John O’Keefe, a Canadian tourist, captured the 3,000-pound beast while fishing for sturgeon in Michigan Lake.
“We reeled in the beast for a good 4-5 hours before we finally shot it and wounded it to the head” explains the Toronto resident on vacation.
“Luckily, I had my rifle in hand, or else this prize fish would’ve never been caught” claims his friend, a long-time resident of Chicago, Allan Brooks.
“I’d heard of the Lake Michigan monster, but never did I expect to catch it myself,” claims the 63-year-old tourist on a weekend-long vacation in the area.
A record-size fish
The great white shark estimated at more than 1,5 tons is the biggest fish ever caught in the region, believe experts.
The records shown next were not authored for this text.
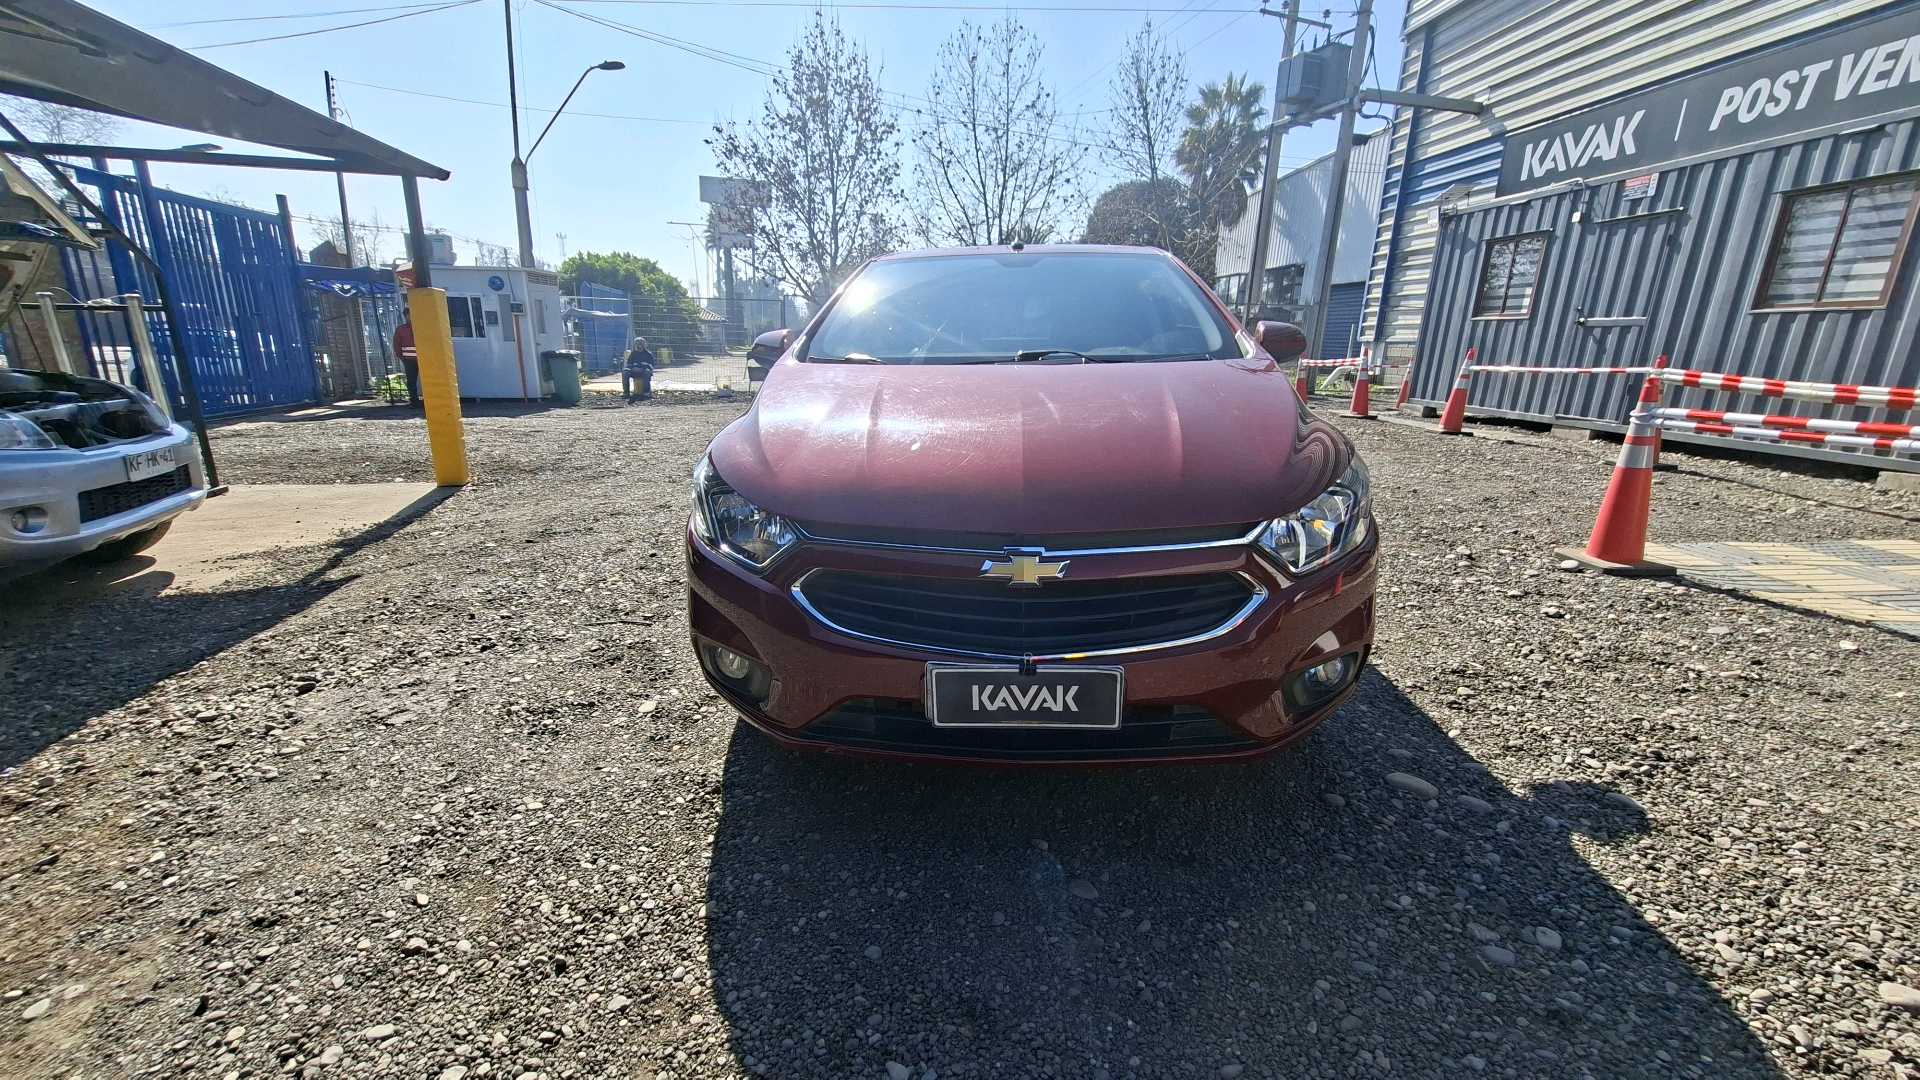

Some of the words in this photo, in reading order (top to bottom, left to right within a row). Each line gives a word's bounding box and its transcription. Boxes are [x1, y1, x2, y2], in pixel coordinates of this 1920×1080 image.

[1520, 109, 1646, 181] KAVAK
[1708, 59, 1834, 131] POST
[971, 684, 1080, 712] KAVAK
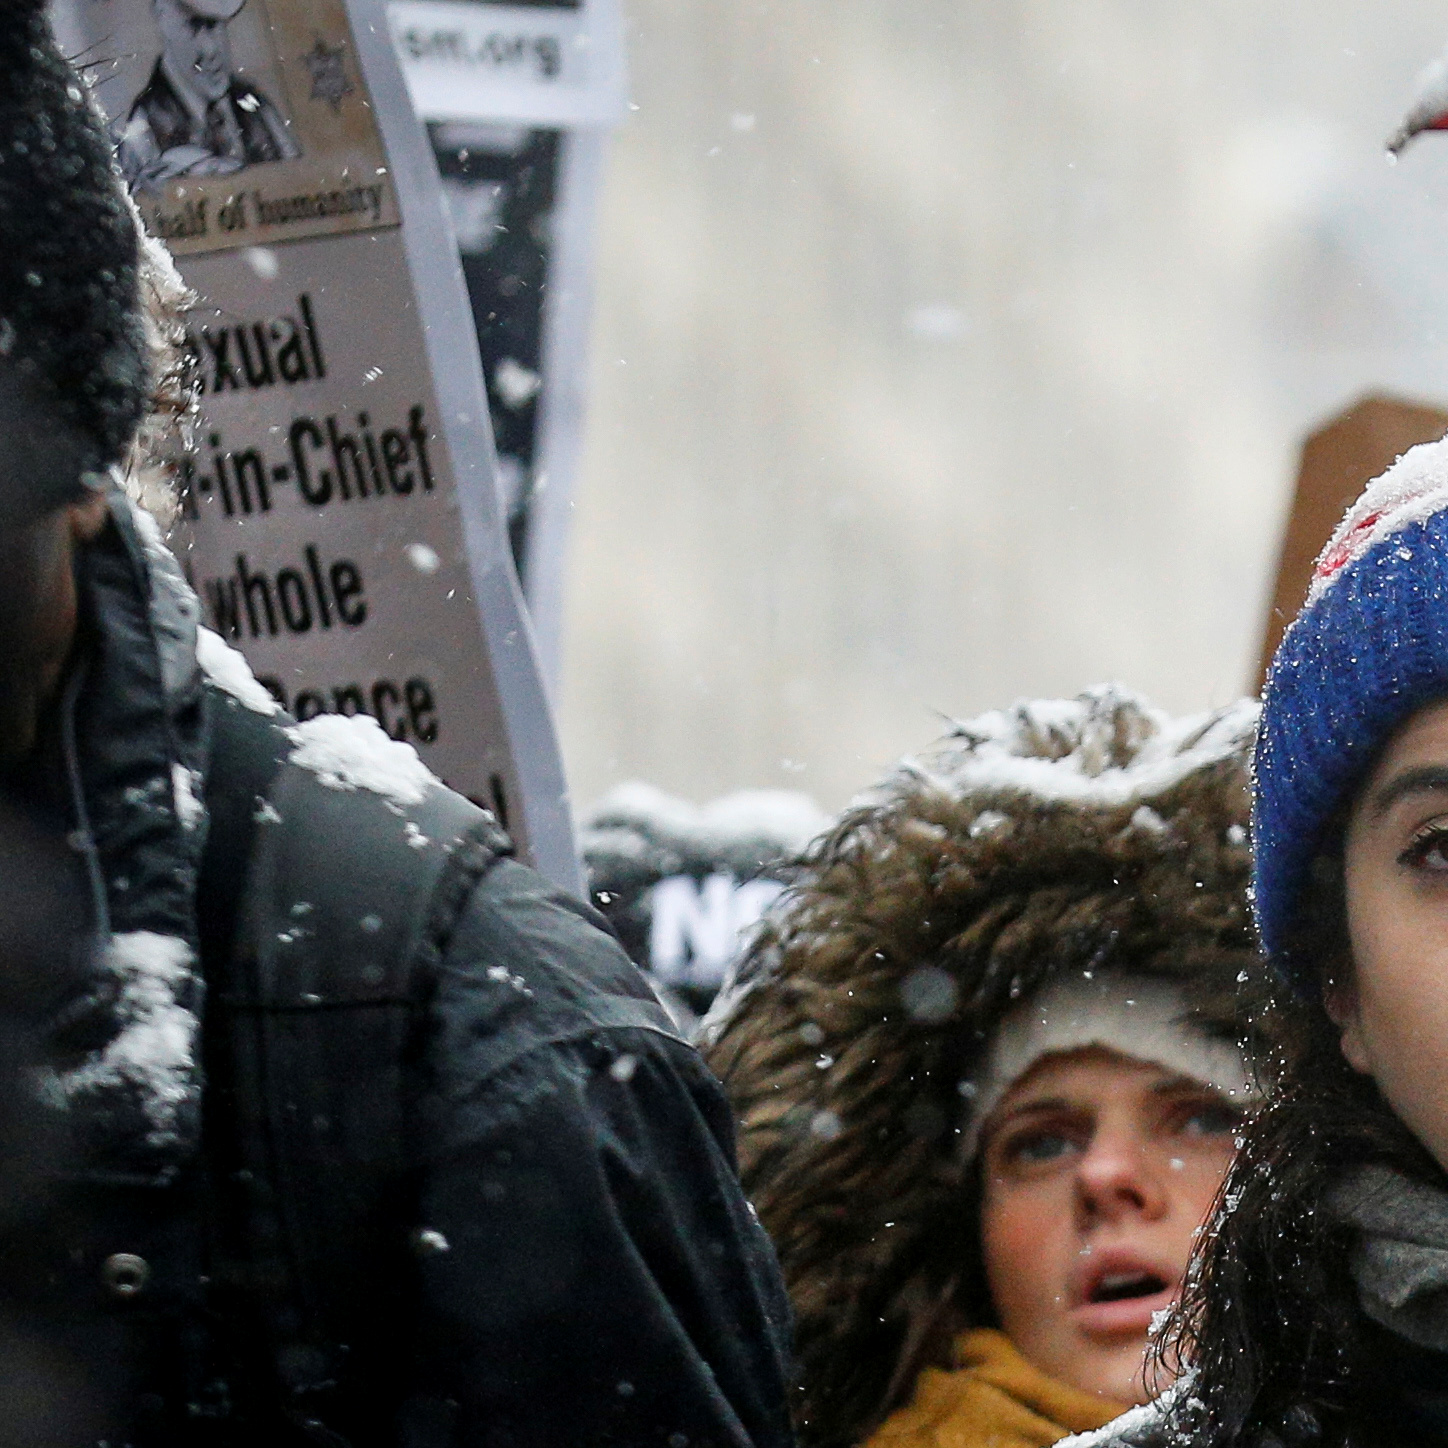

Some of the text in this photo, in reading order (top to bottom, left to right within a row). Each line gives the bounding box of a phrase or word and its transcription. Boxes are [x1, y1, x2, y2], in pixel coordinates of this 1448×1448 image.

[218, 190, 246, 233] of
[253, 183, 382, 225] humanity
[206, 543, 369, 641] whole
“It is clearly not common to find such a beast so far inland” admits professor of biology at the University of Illinois, Allan Jameson.
“Either rising sea temperatures and depleted fish stocks possibly led the shark to adventure itself further into the Great Lakes region, but this is clearly the first occurrence of such a beast in the region that I can remember of” he admits, visibly puzzled.
“It is also possible it traveled to the region through underwater tunnels that interconnect between the Great Lakes,” he told reporters.
A series of disappearances
Authorities suspect that more than a hundred people reported missing in the area in the last decade may have fallen under the fangs of the gigantic beast, several local residents even suspecting its presence for a long time.
“I’ve owned this campground for the past seventeen years” explains local entrepreneur, Robert Helm.
“I’ve had my load of visitors disappearing mysteriously over the years, but I was told not to say anything about it. People would check in, but they wouldn’t check out,” he recalls. “Nobody ever believed me anyway and it would’ve scared away the tourists,” he told local reporters.
“It would’ve been bad for business in town” he adds, visibly relieved since the capture of the large creature.
U.S. Coast Guard spokesman Sidney Johnson reassured local residents that the occurrence of such a predator in the region’s waters “is highly unlikely” as sharks are not well adapted to freshwater systems, dealing great damage to their kidneys and respiratory system.
In 1916, a deadly shark attack near Presque Ile beach, in Lake Erie, made national headlines, forcing local authorities to ban swimming in the region for over 14 years until the ban was lifted in 1930.